### To do
For each record below, output its text exactly and skip any picture.

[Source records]
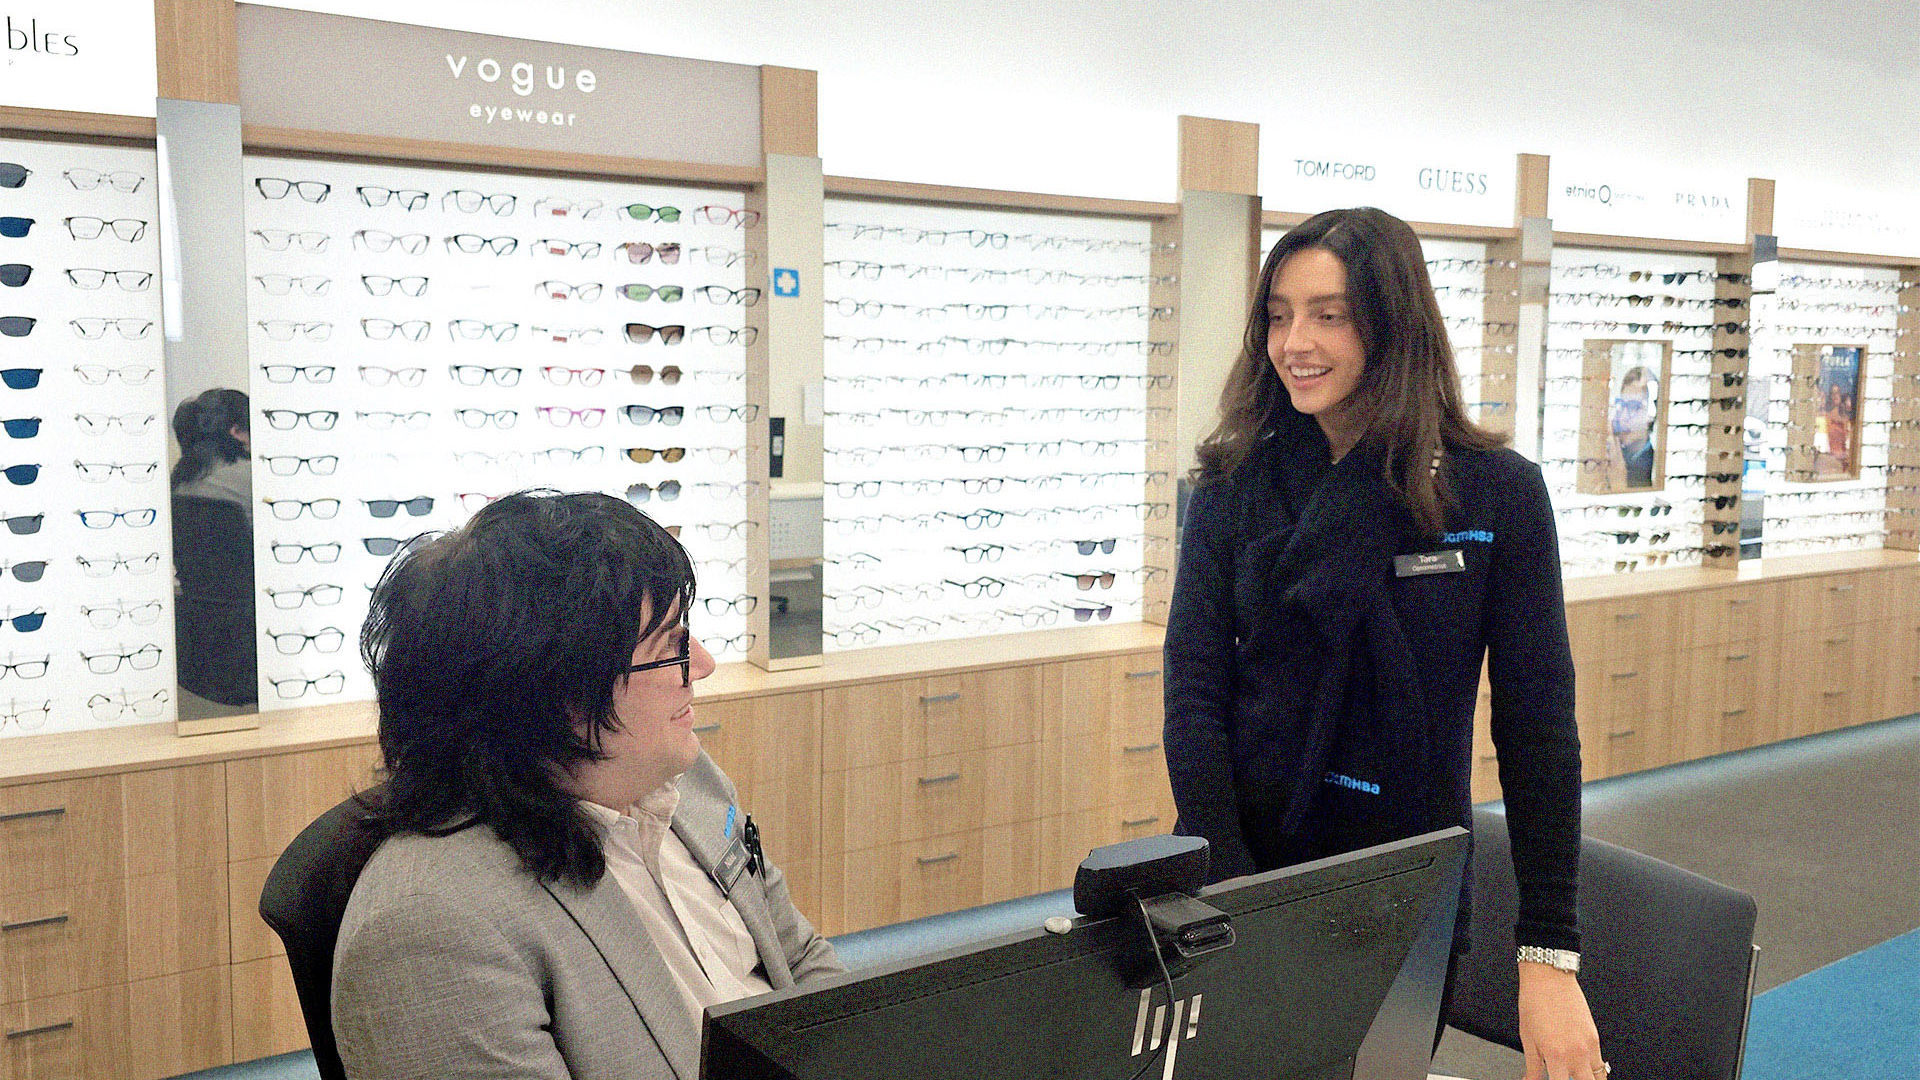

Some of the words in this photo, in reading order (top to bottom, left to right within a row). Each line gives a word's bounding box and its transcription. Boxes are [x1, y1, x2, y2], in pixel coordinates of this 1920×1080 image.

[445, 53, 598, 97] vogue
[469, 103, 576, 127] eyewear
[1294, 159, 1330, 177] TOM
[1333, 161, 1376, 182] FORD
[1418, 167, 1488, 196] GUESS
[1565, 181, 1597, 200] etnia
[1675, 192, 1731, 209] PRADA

### Written answer
Some of the words in this photo, in reading order (top to bottom, left to right within a row). Each line gives a word's bounding box and its transcription. Boxes are [x1, y1, x2, y2], in pixel coordinates of this 1920×1080 image.

[445, 53, 598, 97] vogue
[469, 103, 576, 127] eyewear
[1294, 159, 1330, 177] TOM
[1333, 161, 1376, 182] FORD
[1418, 167, 1488, 196] GUESS
[1565, 181, 1597, 200] etnia
[1675, 192, 1731, 209] PRADA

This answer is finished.